The ongoing saga of Fort Myers’ City of Palms Park, a former Boston Red Sox training site, has taken another turn, with some locals pushing for its survival as a community green space and gathering spot.
Lee County has struggled to find a use for the 1992 ballpark built for Red Sox spring training since the team moved to JetBlue Park in 2012, first pitching the Washington Nationals on a move (which died when the county could not fund requested improvements) and then entering into a lease with Florida SouthWestern State College. (Those were the saner of the proposals; one had the ballpark converted to a natatorium.) The lease with FSW is now expired, but the debate rages over the future of the facility.

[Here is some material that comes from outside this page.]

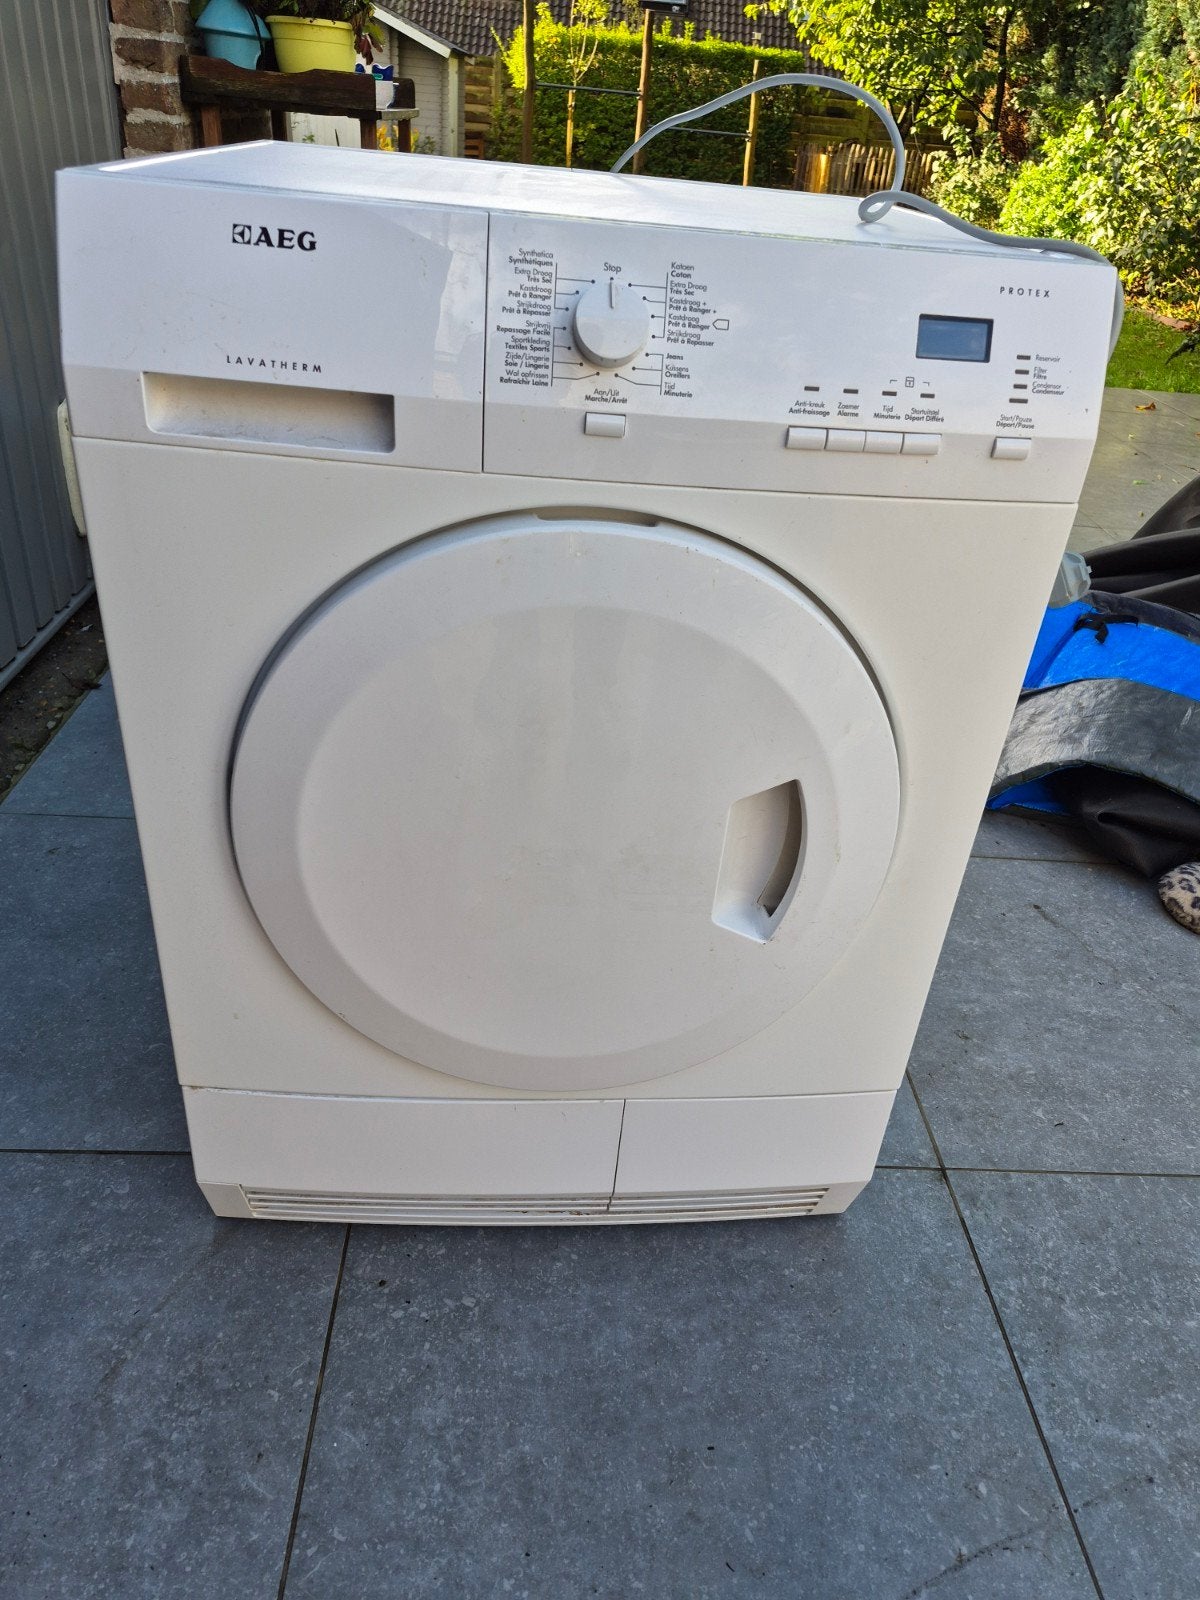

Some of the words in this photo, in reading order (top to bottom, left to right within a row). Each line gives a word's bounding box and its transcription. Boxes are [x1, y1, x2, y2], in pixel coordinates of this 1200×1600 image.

Lee County had prepped a plan to demolish the old ballpark and open the land to developers, but now some citizens are calling on the city to take over the facility and turn it into a community resource, keeping baseball and converting other elements of the site. Debt on the City of Palms Park will be paid off by the end of the year. Fort Myers attorney Sawyer Smith is leading the charge to keep the ballpark alive in some form, citing a study of local residents who overwhelmingly (82.5 percent) favor keeping City of Palms open and leaving it as a ballpark, concert space and greenspace. What had been pitched for the site: a mixed-use town center development that would include 600,000 square feet of office and commercial use and 4,000 residential units. The Fort Myers Midtown area, with City of Palms Park as a prime component, comprises some 240 acres south of the downtown area.
FSW wouldn’t be part of this new plan, apparently–the school is looking at a small one-campus facility for both baseball and softball–but that’s not stopping Smith from exploring the options. A new mayor (Kevin Anderson), several new city council members and a new city administrator also changes the dynamics of the situation. From the Fort Myers News-Press (no link; paywalled):
“It’s up in the air right now,” Anderson said. “It’s been slated for demolition. The county promised to do it. Plans have been brought before the council. One of them was to turn it into an amateur sports complex. There’s been talk about renovating it and trying to repurpose it.
“As the new city manager gets settled in, he has the opportunity to look this project over. What is the highest and best usage for that property? What’s going to benefit the city the most? I’m open to all kinds of suggestions. We could find a public-private partnership so the taxpayers aren’t paying the brunt of the cost. What I want to see is what’s best for the city. And I don’t necessarily know what that is for that piece of property.”
Anderson said he wasn’t opposed to giving the ballpark a stay of execution. This would give the city more time to search for partners to rejuvenate the ballpark.
Amateur sports are a bug business in Florida, and no matter how many new facilities open, it seems like there’s always demand for more.